Copy out every line of the data exactly; do not include the images.

Stored dataset items
———
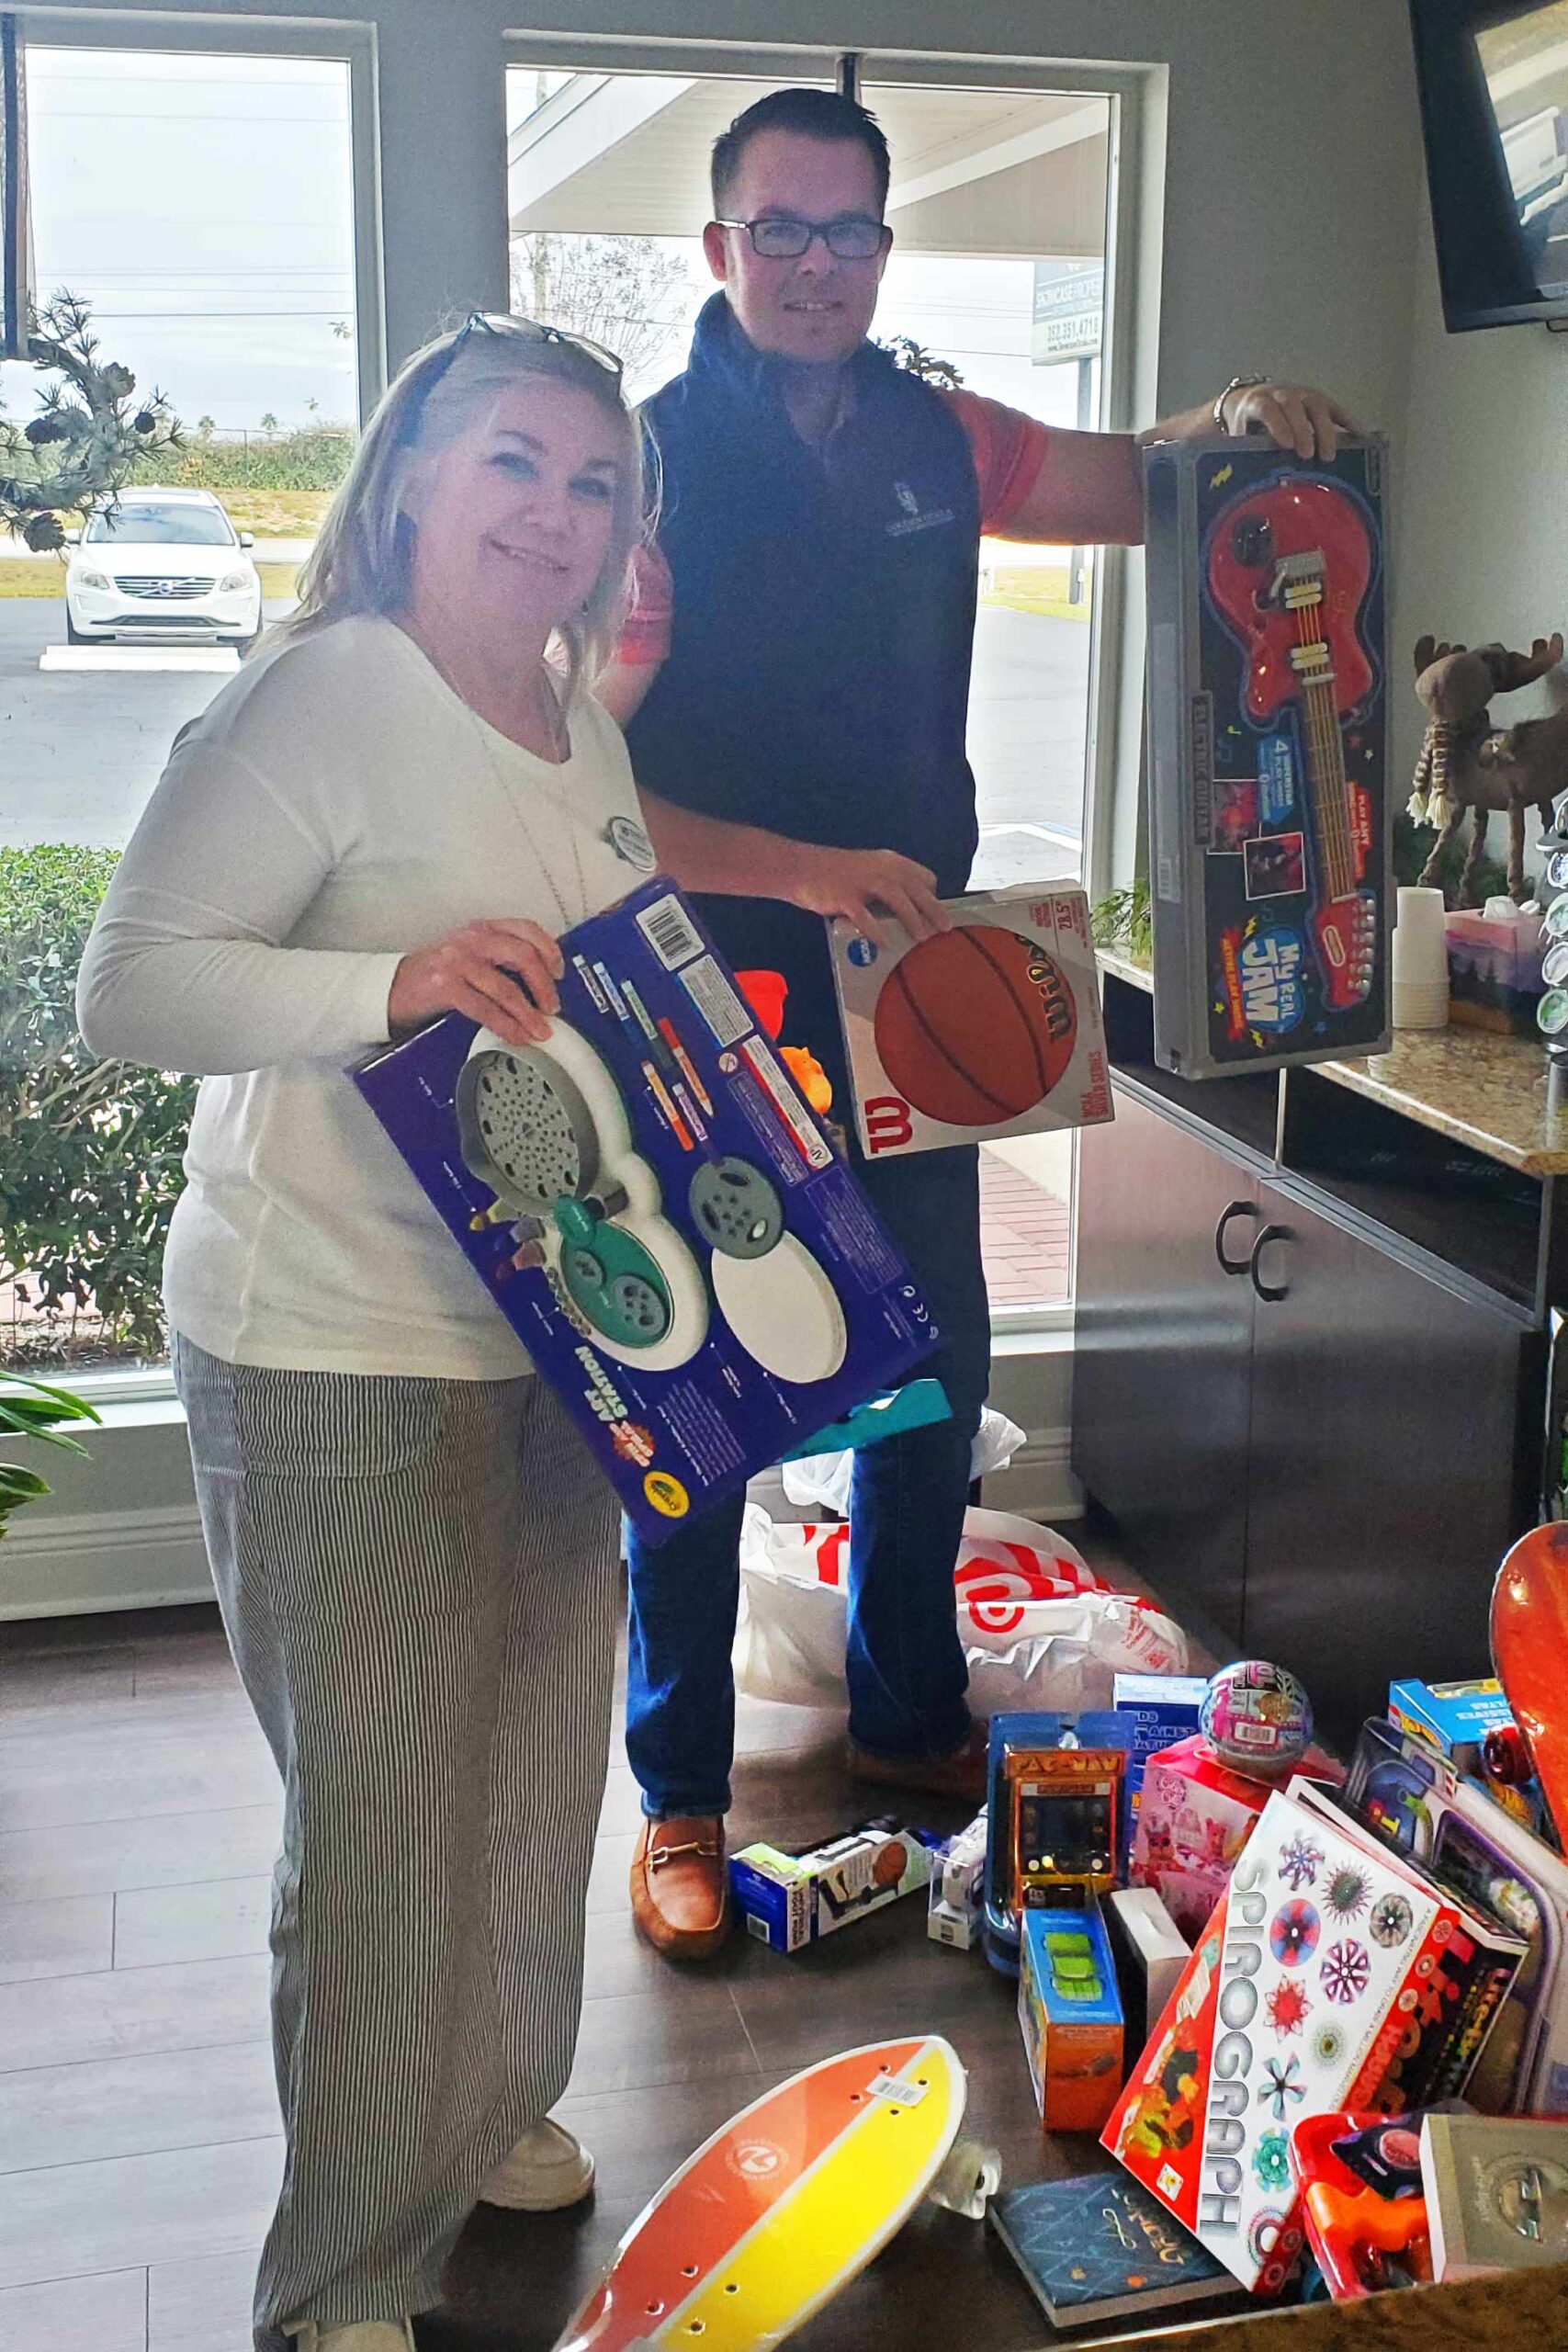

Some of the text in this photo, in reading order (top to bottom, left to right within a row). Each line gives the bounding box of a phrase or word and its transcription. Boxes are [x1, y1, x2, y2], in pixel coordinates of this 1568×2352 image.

[1274, 740, 1289, 753] 4
[1359, 820, 1369, 845] ANY
[1241, 938, 1278, 1022] JAM
[1279, 983, 1297, 1020] REAL
[575, 1345, 628, 1418] STATION
[583, 1387, 615, 1421] ART
[649, 1479, 678, 1511] Crayola
[1200, 1859, 1267, 2235] SPIROGRAPH
———
Task result:
Some of the text in this photo, in reading order (top to bottom, left to right within a row). Each line gives the bounding box of a phrase or word and its transcription. Boxes are [x1, y1, x2, y2], in pixel coordinates of this 1568×2352 image.

[1274, 740, 1289, 753] 4
[1359, 820, 1369, 845] ANY
[1241, 938, 1278, 1022] JAM
[1279, 983, 1297, 1020] REAL
[575, 1345, 628, 1418] STATION
[583, 1387, 615, 1421] ART
[649, 1479, 678, 1511] Crayola
[1200, 1859, 1267, 2235] SPIROGRAPH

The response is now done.